Why is it important?

After water, protein is the most plentiful part of your body. Getting enough protein is essential for your body to create the physical structures of your baby like hair, nails and muscles and also to produce the enzymes, hormones and growth factors vital for your baby’s development.

Did you know?
  • Pregnant women should eat at least 60g protein every day
  • Protein should make up 20-25% of your diet

However, not all protein is equal and the quality of protein is determined by the number of ‘amino acids’ it contains. Without getting too complicated animal products (meat, fish, eggs etc.) contain high quality or ‘complete’ protein meaning they provide all 9 essential amino acids. Plant foods on the other hand (grains, vegetables, etc.) contain incomplete protein meaning that they lack one or more amino acid and therefore must be eaten in combination. Eating grains and legumes together (e.g. beans on wholemeal toast) provides complete protein.

Did you know?

Quinoa is a complete protein – and a great wheat-free alternative.


Carbohydrates


Why are they important?

Carbohydrates are essential to human nutrition because they provide the primary source of energy we need to fuel bodily functions. It is worth emphasising here that carbohydrates are not your enemy despite what popular diet models may have you believe.

In pregnancy, as always, you should focus on eating complex carbohydrates and avoid, or limit simple refined carbohydrates.

Complex carbohydrates

  • Brown rice
  • Fruit
  • Oats
  • Quinoa
  • Vegetables

Simple carbohydrates – limit or avoid

  • Cakes
  • Chocolate
  • Sweets

Refined carbohydrates – limit or avoid

  • All flour
  • Bread
  • Pasta
  • White potatoes

Simple carbohydrate and refined carbohydrates provide virtually no nutrients, cause your blood sugar to spike (a short burst of energy, followed by a huge drop in energy) and gain weight. Whilst complex carbohydrates  provide lots of nutrients and fibre and slowly release energy.

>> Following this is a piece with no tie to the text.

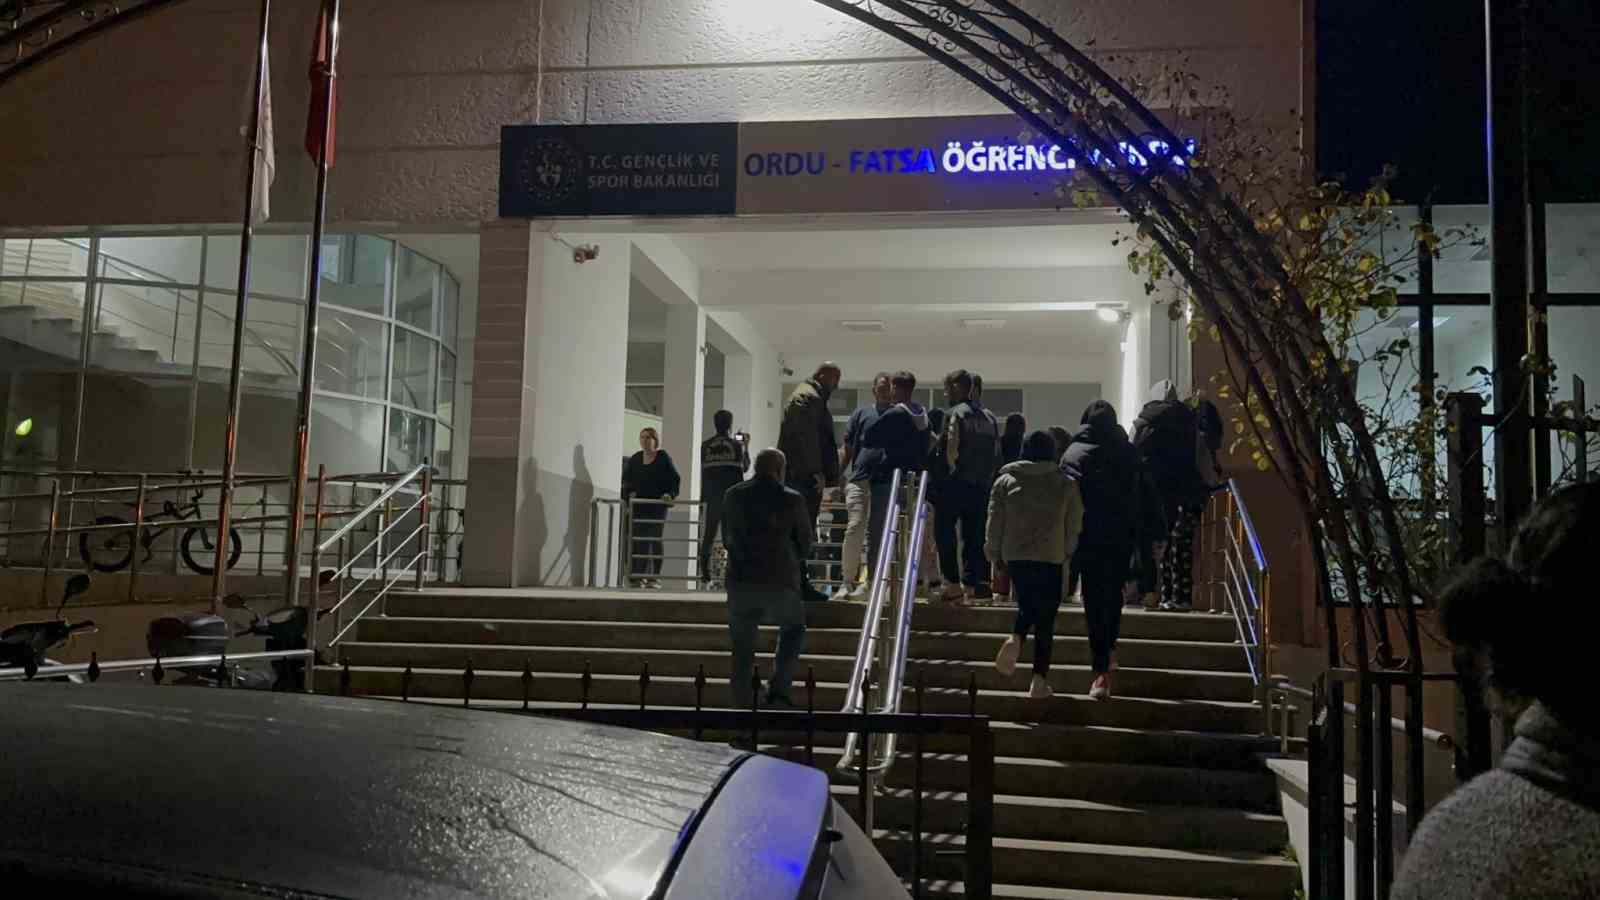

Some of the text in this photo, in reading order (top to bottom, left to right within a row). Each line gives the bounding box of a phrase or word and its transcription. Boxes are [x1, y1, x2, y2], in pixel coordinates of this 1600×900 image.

Current advice is that carbohydrates should make up around a 45% of your diet during pregnancy, just make sure you choose the right type of carbohydrate.


Fat


Why is it important?

Fat was demonised in the 1980’s but in the last few years the press seems to have caught up with the evidence-based research and the nutritional headlines confirm that ‘sugar (not fat) makes you fat’. Fats are the powerhouse for each and every cell in our bodies – 60% of our brains are composed of fat. Research shows that making sure pregnant women eat the right amount of essential fats can reduce the risk of low birth rates and also postnatal depression.

There are good fats and bad fats – and it is about getting the right fats into your diet.

Saturated fat

There’s been some really bad press about saturated fats and they are rather misunderstood. Arachidonic acid (AA) which is found in saturated fat:

  • Supports brain development
  • Strengthens the gut lining
  • Helps keep our skin supple.

Saturated fat is non-essential in our diet as we can produce it ourselves but consuming moderate amounts has been shown to have health benefits and certainly shouldn’t be feared.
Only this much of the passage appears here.